Passage of the measure Tuesday was a momentary victory for the speaker, who has struggled to get reluctant Republicans on board for the tax break, which puts a $1,000 in average workers' pockets. It was approved 234-193, with 224 Republicans and 10 Democrats.

But the Republican win is expected to be short lived, as the bill has limited chances in the Senate, where Democrats oppose the GOP priorities that Boehner added to the bill to win Republican votes, including one to accelerate the controversial Keystone XL pipeline.

The tax break expires on Dec. 31, and Senate Majority Leader Harry Reid (D-Nev.) warned Boehner in a phone call that GOP leaders have spent too much time catering to their conservative flank rather than negotiating with Democrats on a compromise.

"This is what I told him: we are not going to finish the work of our country this year unless we work together," Reid said. "They are wasting time catering to the 'tea party' when they should be working with Democrats on a bipartisan package that can pass both houses."

To bring Republicans to the table, Democrats have slow-walked an unrelated year-end spending bill that is needed to keep the government running, preventing the GOP-led House from finishing its work and leaving town for the holidays.

Such a strategy is risky, as Congress must approve the funding bill or the federal government will shut down on Friday. But the leverage proved irresistible. Obama, in strategizing with Reid over the weekend, insisted the bills be linked. Obama said that "nothing gets done until everything gets done," according to a senior administration official.

Republicans were caught off guard by the move, and thought they had a handshake agreement with Democrats on the spending bill. But Democrats said unresolved issues remained  – including provisions on abortion, travel to Cuba and funding levels for the Commodity Futures Trading Commission, which plays a role in Wall Street regulation.

"Here we are with a government shutdown pending Friday, a deal already made, and I think it's appropriate to ask the president and the majority leader why they want to undo a deal that was already made," said Sen. Mitch McConnell of Kentucky, the Republican leader, "and threaten to shut down the government here the week before Christmas."

The House vote on the payroll tax package underscored the work Boehner has done to bring unity to an often divided GOP. At a closed-door meeting before the vote, only one Republican rose to publicly question the policy, those familiar with the session said.

Conservative Rep. Jason Chaffetz of Utah delivered a message to his peers that noted the hard-scrabble politics before them.

"I stood up and said, 'I'm really good at voting no. I spent two years mastering that. This has a lot of positive in it,'" Chaffetz said. He said he would go on to vote for the package.

The payroll tax holiday, which has been in place for 2011, reduces the Social Security contribution workers pay from 6.2% to 4.2%. Lost contributions to the Social Security trust fund would be replenished – under the GOP proposal, they would be backfilled by spending cuts elsewhere in the budget. The chief actuary for the retirement system has said the fund would be unaffected.

In attracting Republicans by tacking GOP priorities to the bill, however, Boehner pushed away Democratic votes.
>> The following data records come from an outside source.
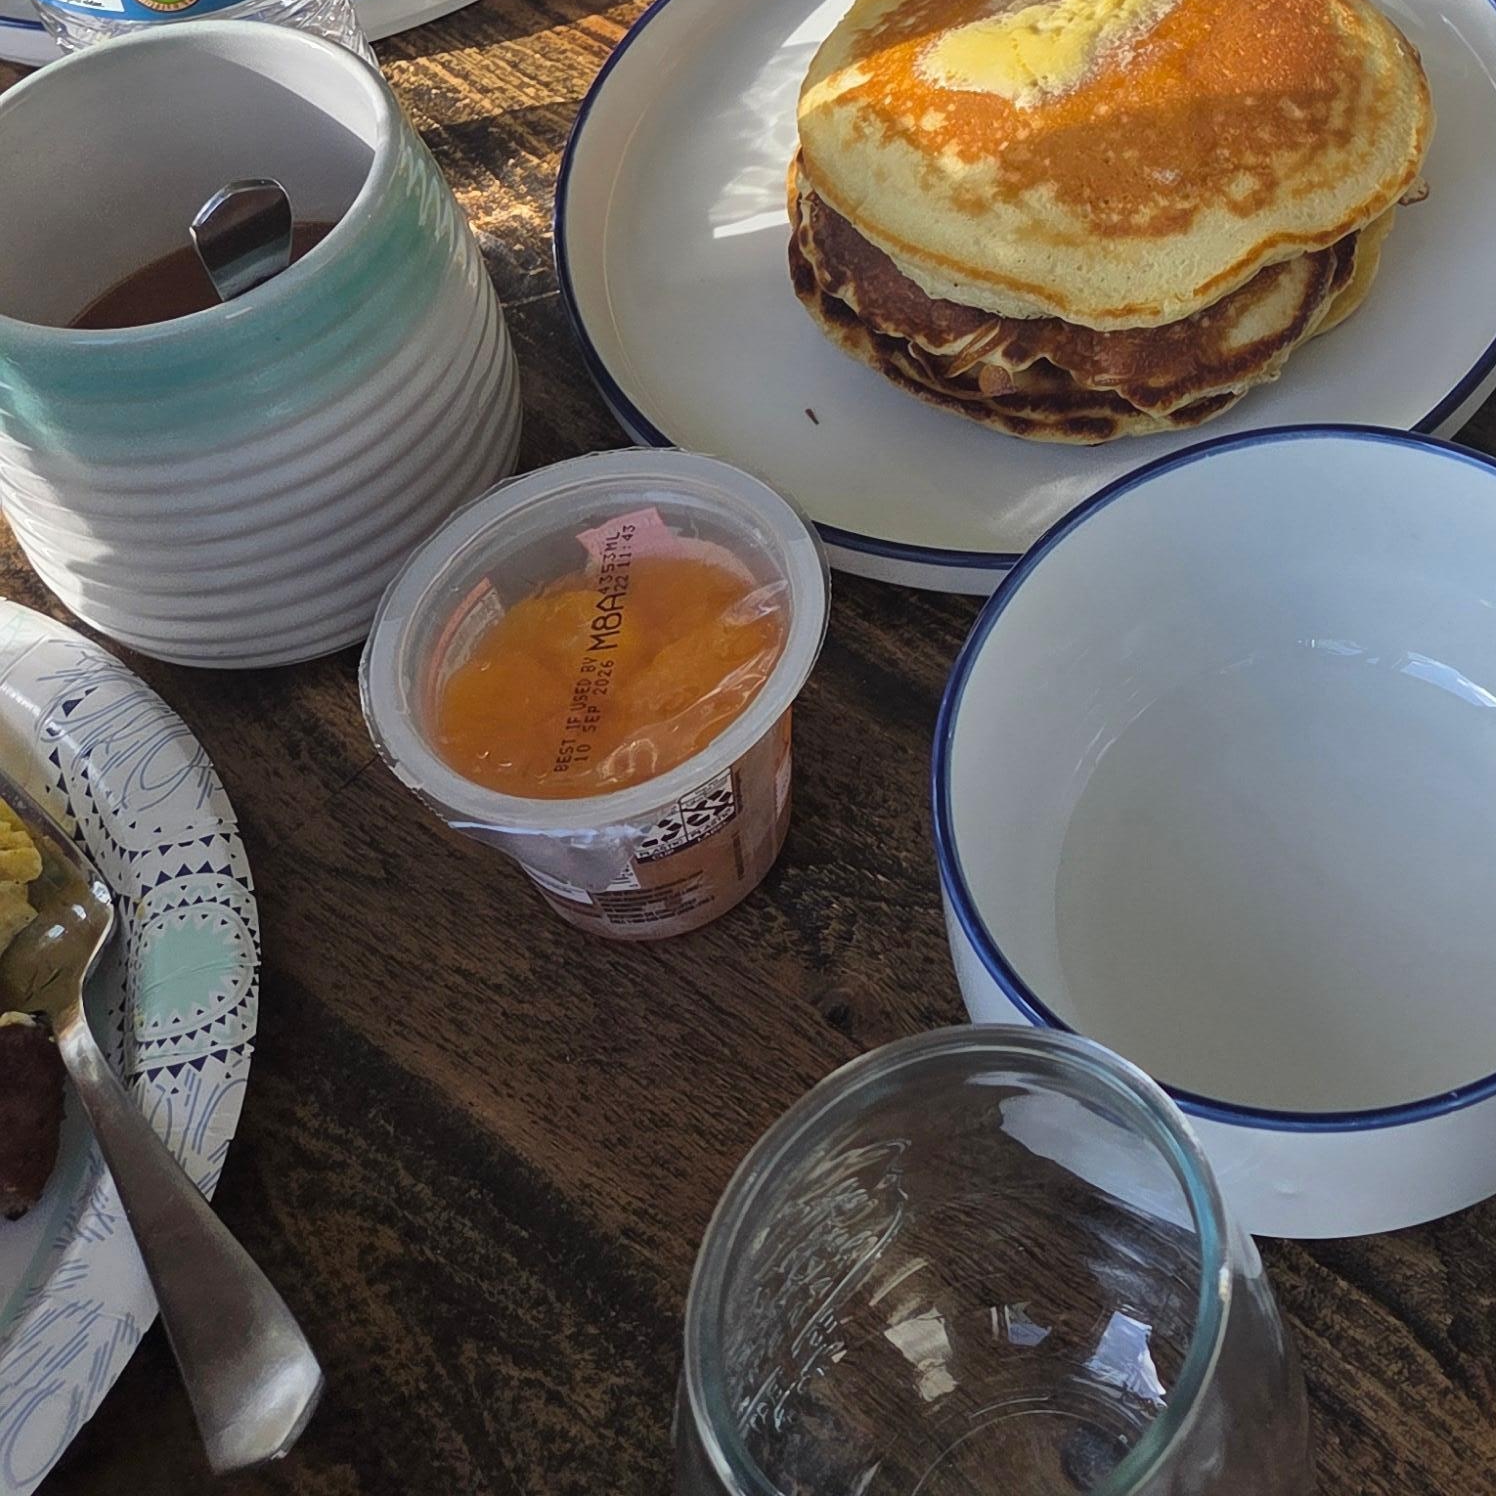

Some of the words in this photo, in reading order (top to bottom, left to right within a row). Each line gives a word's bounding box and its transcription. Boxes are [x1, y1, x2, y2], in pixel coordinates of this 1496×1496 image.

[587, 591, 627, 651] M8A
[581, 656, 598, 674] BY
[592, 659, 615, 696] 2026
[572, 677, 593, 712] USED
[566, 715, 582, 731] IF
[582, 705, 601, 733] SEP
[553, 739, 576, 772] BEST
[574, 743, 592, 762] 10
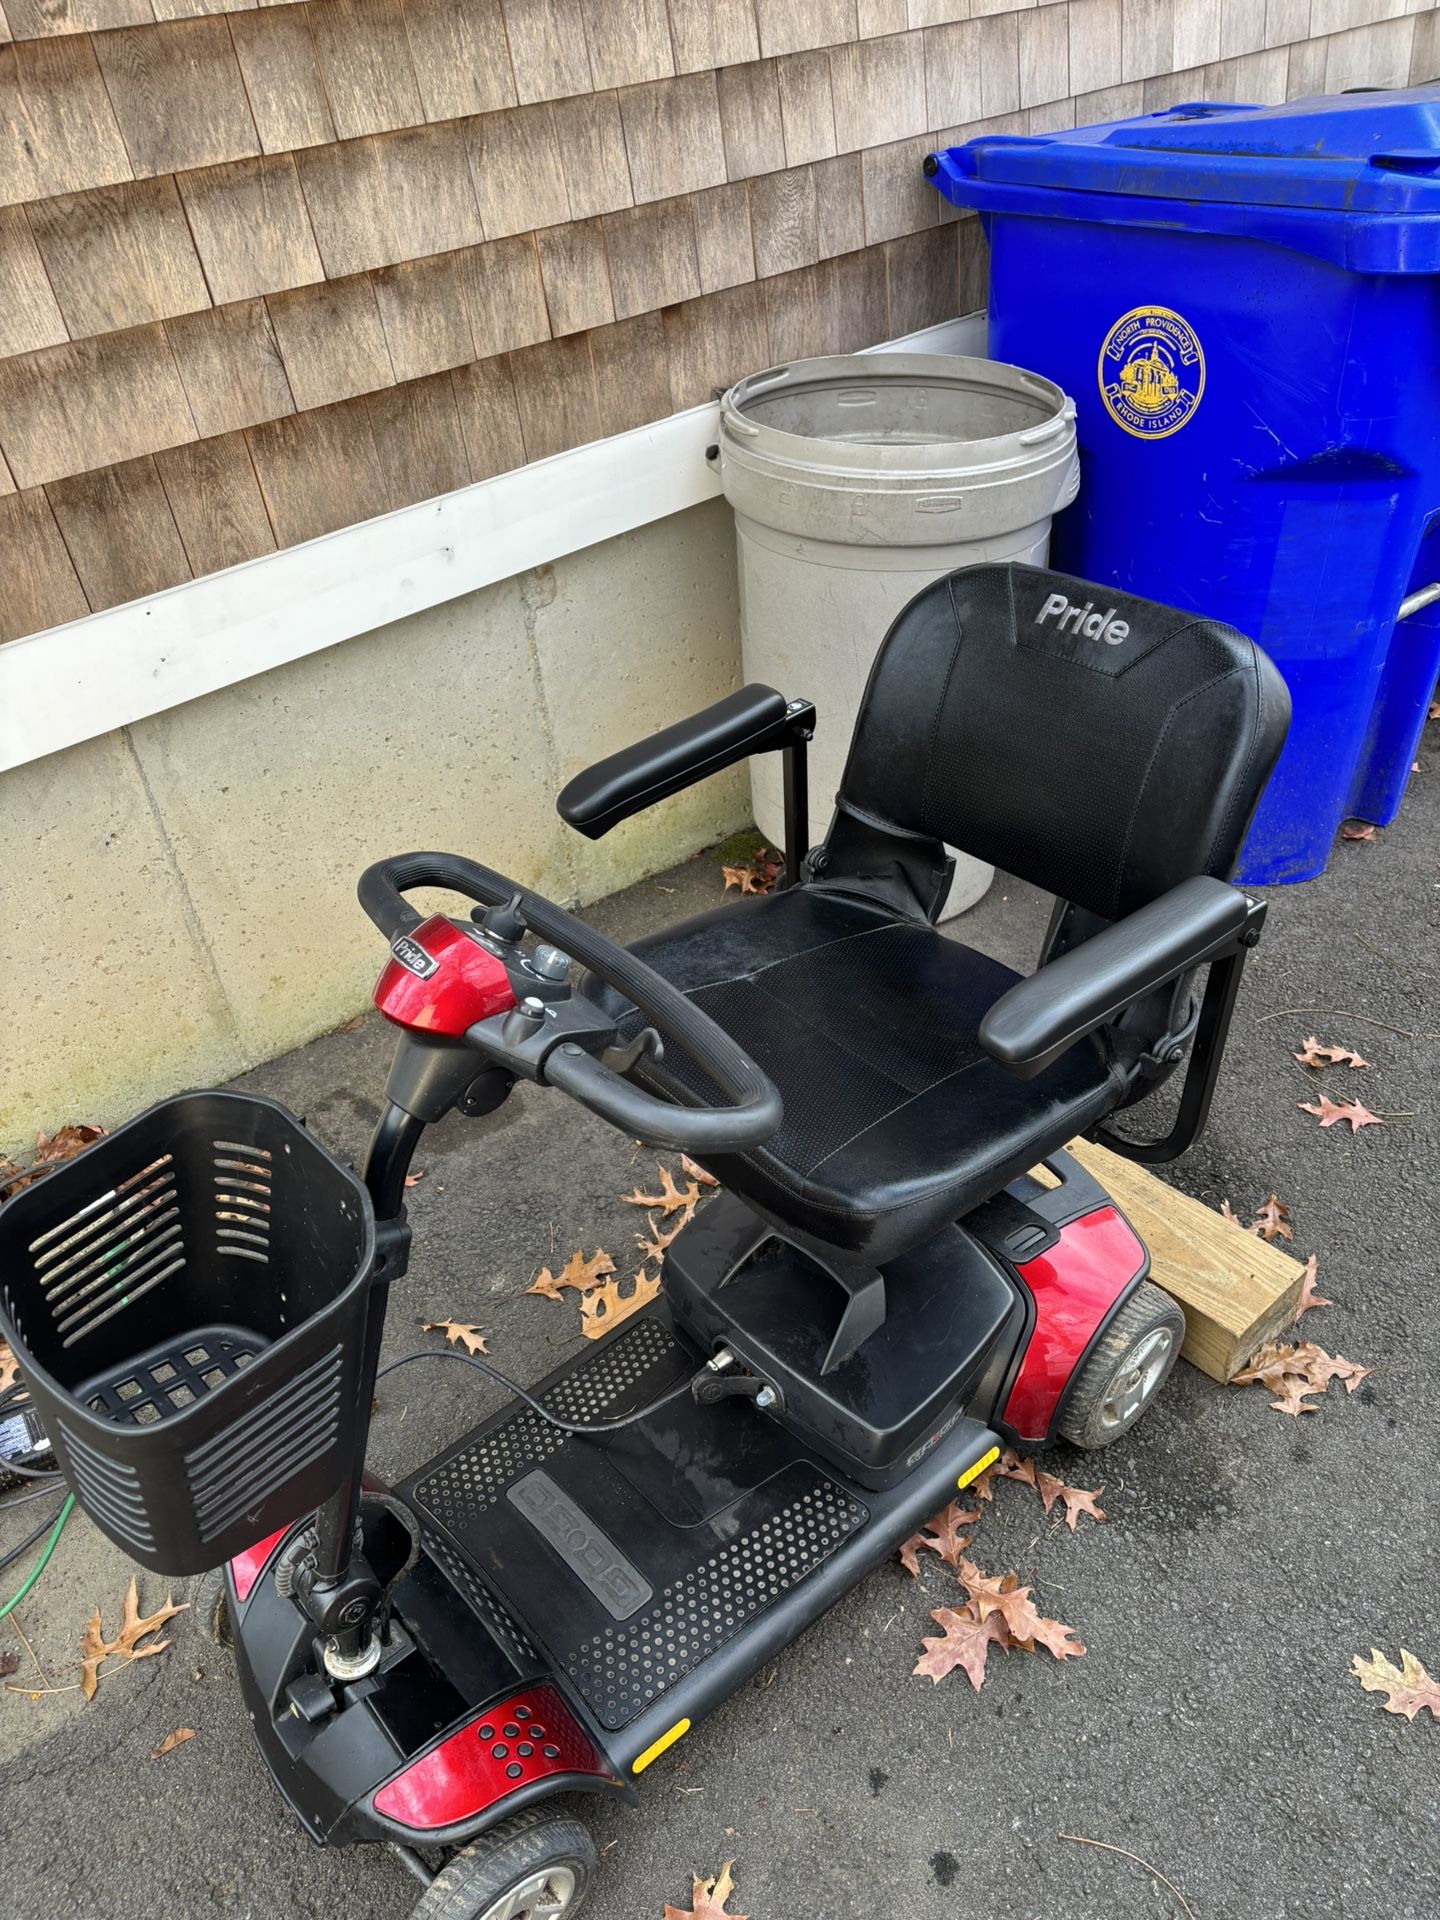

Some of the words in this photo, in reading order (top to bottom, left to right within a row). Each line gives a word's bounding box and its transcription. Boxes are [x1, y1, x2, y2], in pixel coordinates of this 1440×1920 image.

[1116, 321, 1140, 344] NORTH
[1145, 318, 1191, 349] PROVIDENCE
[1116, 402, 1145, 427] RHODE
[1148, 407, 1182, 429] ISLAND
[1034, 593, 1130, 646] Pride
[395, 941, 425, 970] Pride
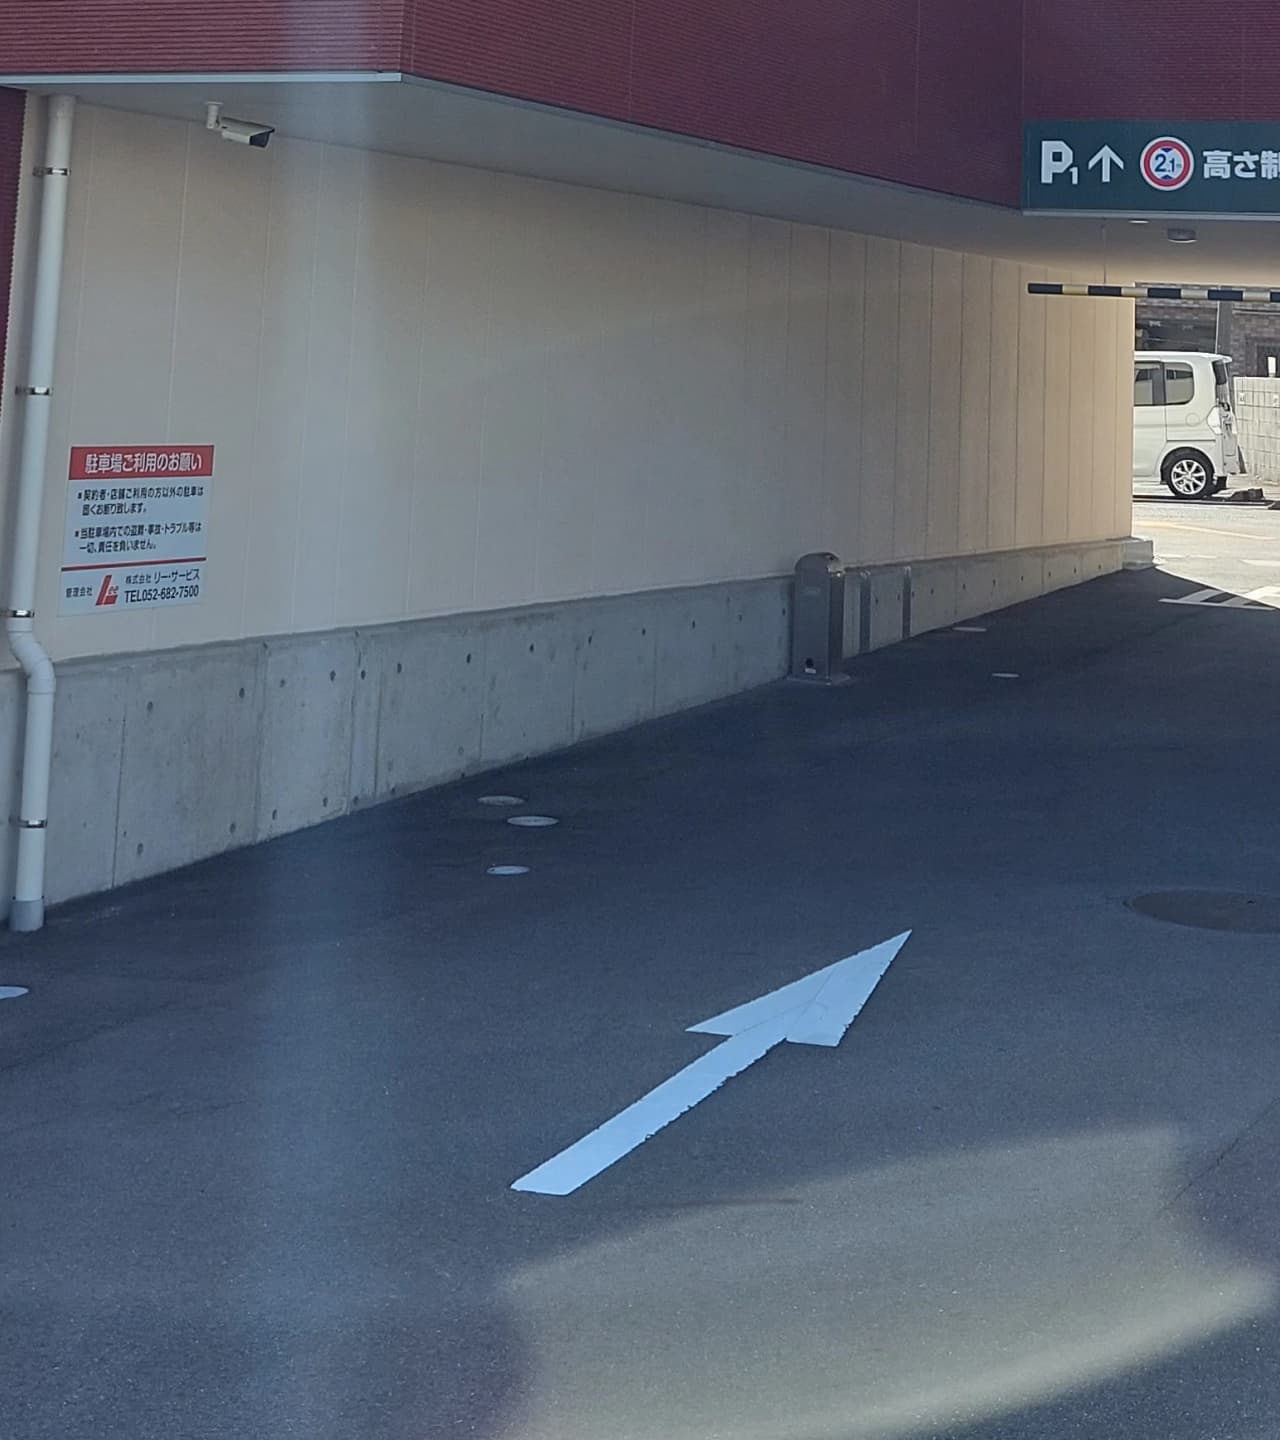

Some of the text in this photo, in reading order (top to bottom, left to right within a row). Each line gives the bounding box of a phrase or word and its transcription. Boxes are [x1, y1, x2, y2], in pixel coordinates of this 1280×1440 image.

[85, 452, 202, 474] 駐車場ご利用のお願い
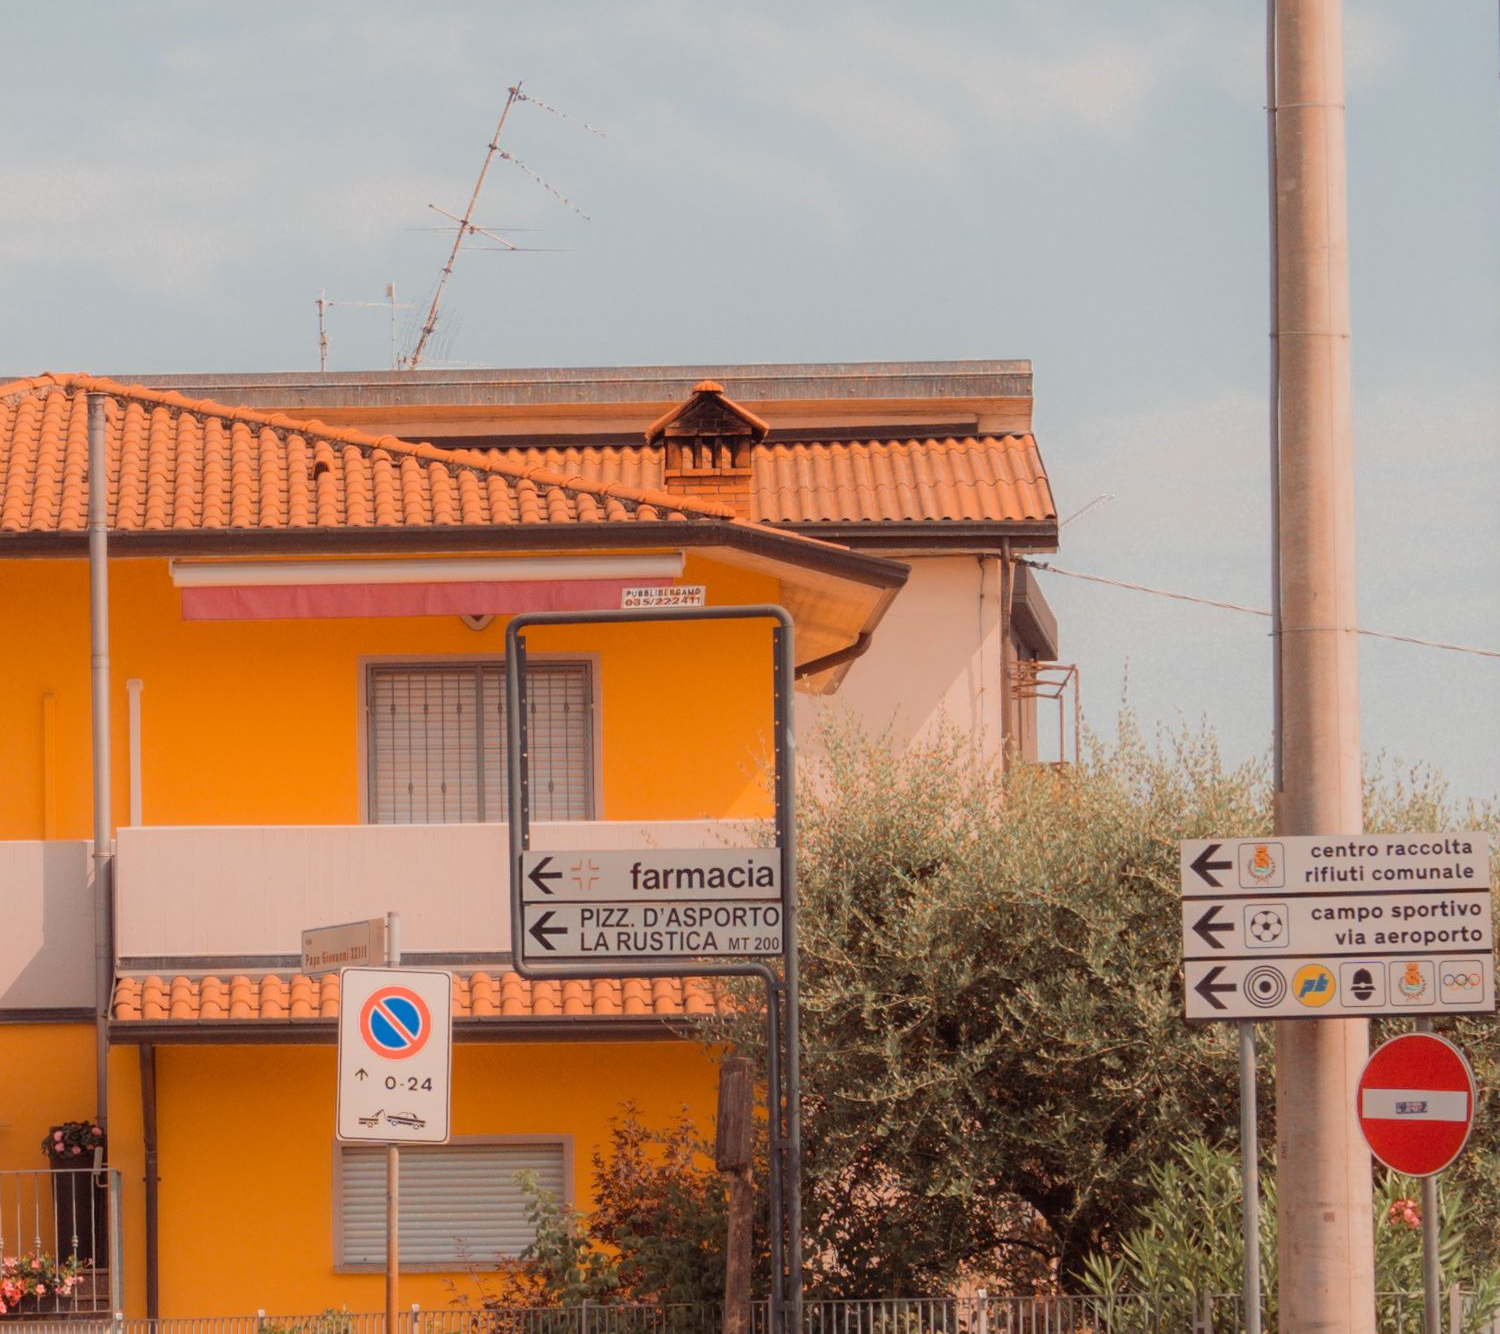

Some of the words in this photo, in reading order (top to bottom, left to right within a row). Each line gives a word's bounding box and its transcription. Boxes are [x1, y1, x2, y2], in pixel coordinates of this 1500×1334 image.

One by one, Democrats spoke during Tuesday's debate against the GOP provisions in the payroll tax package -– including the Keystone provision the president vowed to veto.

Rep. Nancy Pelosi (D-Calif.), the minority leader, acknowledged the Keystone project has supporters among Democrats and their allies in the labor unions. They agree with Republicans it will create jobs. But Pelosi said Republicans should not use the tax cut to advance the project.

"The Republicans are trying to change the subject," Pelosi said. "Let's have that debate on another day."

To pay for the bill, Republicans shun Obama's proposal to impose a surtax on millionaires. Instead they propose reducing long-term unemployment insurance, cutting federal workers' pay and asking upper-income seniors to pay more for Medicare, among other provisions.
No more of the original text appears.